» **Work request**
Keep the wording of each record exactly the same when you repeat it, and leave out pictures.

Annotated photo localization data
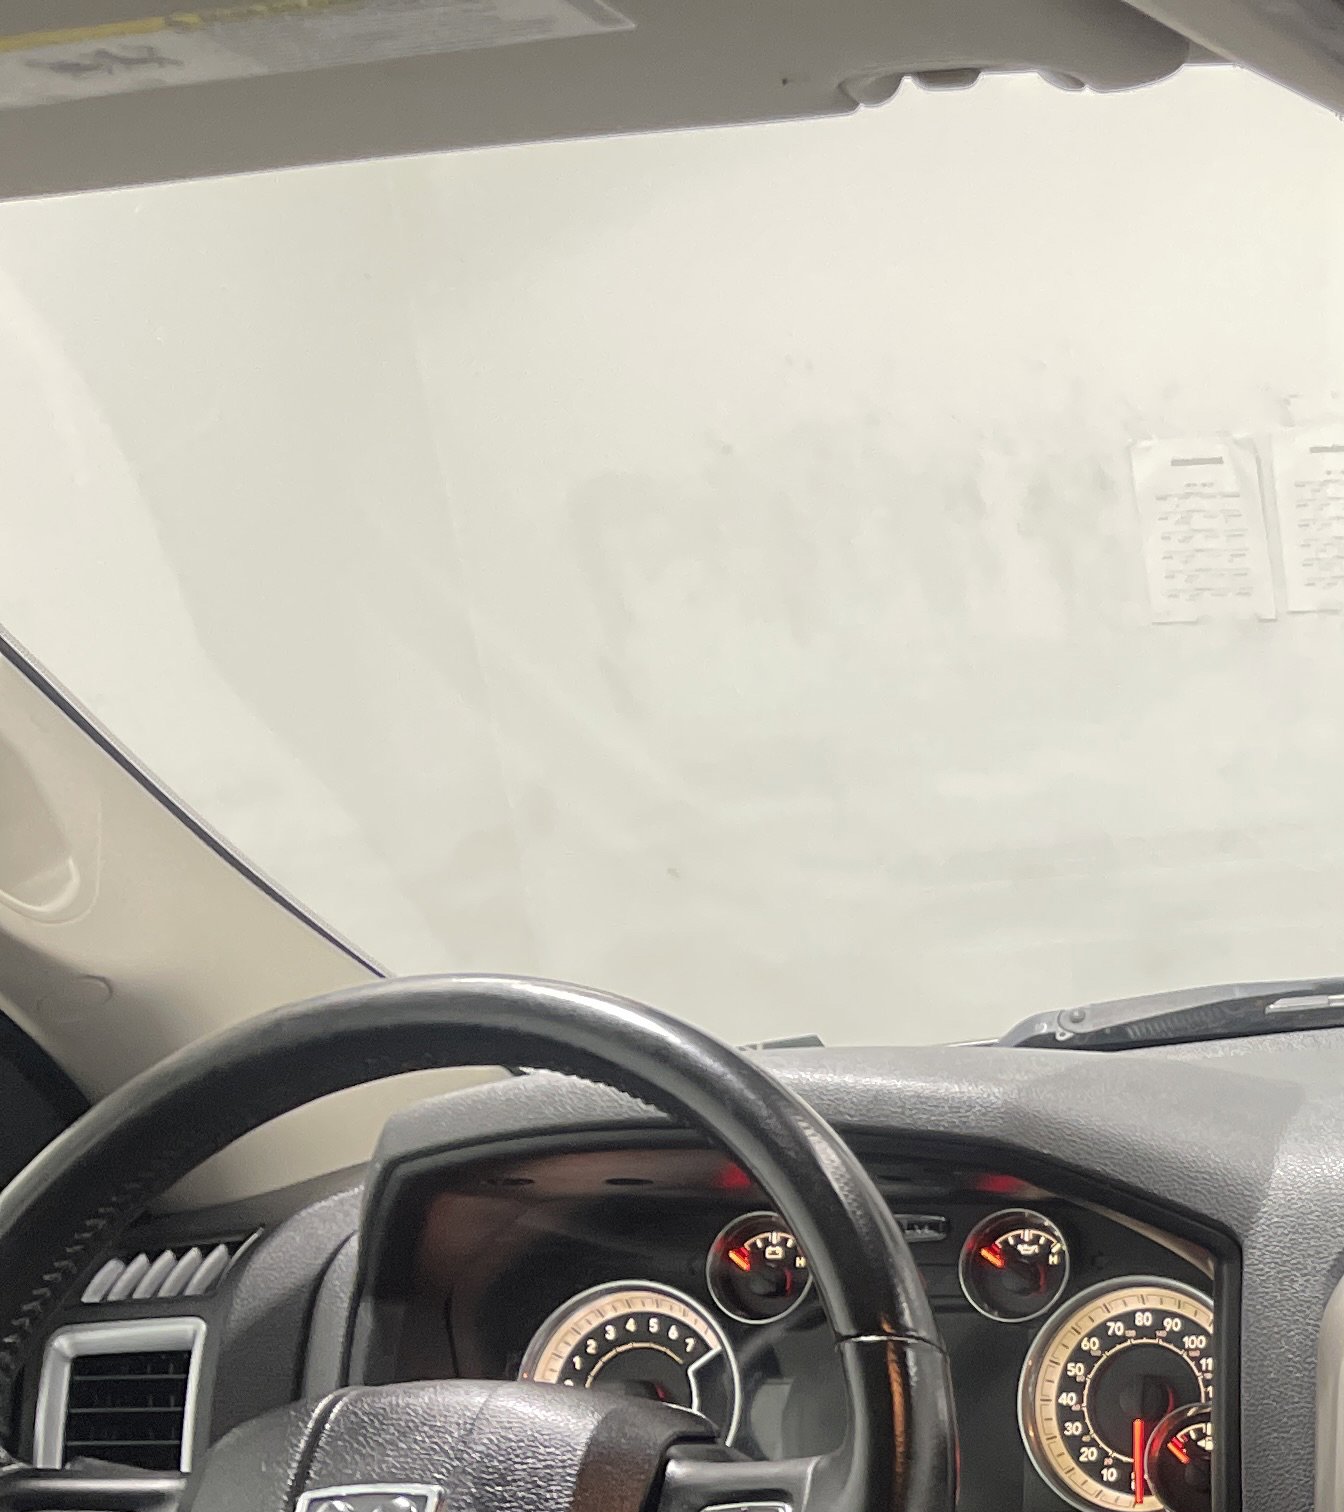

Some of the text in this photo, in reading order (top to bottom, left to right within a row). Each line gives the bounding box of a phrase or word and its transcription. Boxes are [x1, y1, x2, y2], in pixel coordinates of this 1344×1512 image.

[625, 1316, 637, 1333] 4
[648, 1317, 660, 1334] 5
[1134, 1311, 1153, 1327] 80
[1163, 1318, 1182, 1333] 90
[604, 1324, 617, 1341] 3
[668, 1324, 680, 1341] 6
[1106, 1321, 1125, 1337] 70
[586, 1338, 598, 1356] 2
[684, 1337, 696, 1353] 7
[1080, 1337, 1100, 1351] 60
[1182, 1335, 1207, 1349] 100
[573, 1355, 584, 1371] 1
[1066, 1362, 1085, 1377] 50
[1058, 1392, 1077, 1406] 40
[1063, 1422, 1083, 1436] 30
[1078, 1447, 1098, 1462] 20
[1100, 1468, 1118, 1482] 10

» **The completed task**
Some of the text in this photo, in reading order (top to bottom, left to right within a row). Each line gives the bounding box of a phrase or word and its transcription. Boxes are [x1, y1, x2, y2], in pixel coordinates of this 1344×1512 image.

[625, 1316, 637, 1333] 4
[648, 1317, 660, 1334] 5
[1134, 1311, 1153, 1327] 80
[1163, 1318, 1182, 1333] 90
[604, 1324, 617, 1341] 3
[668, 1324, 680, 1341] 6
[1106, 1321, 1125, 1337] 70
[586, 1338, 598, 1356] 2
[684, 1337, 696, 1353] 7
[1080, 1337, 1100, 1351] 60
[1182, 1335, 1207, 1349] 100
[573, 1355, 584, 1371] 1
[1066, 1362, 1085, 1377] 50
[1058, 1392, 1077, 1406] 40
[1063, 1422, 1083, 1436] 30
[1078, 1447, 1098, 1462] 20
[1100, 1468, 1118, 1482] 10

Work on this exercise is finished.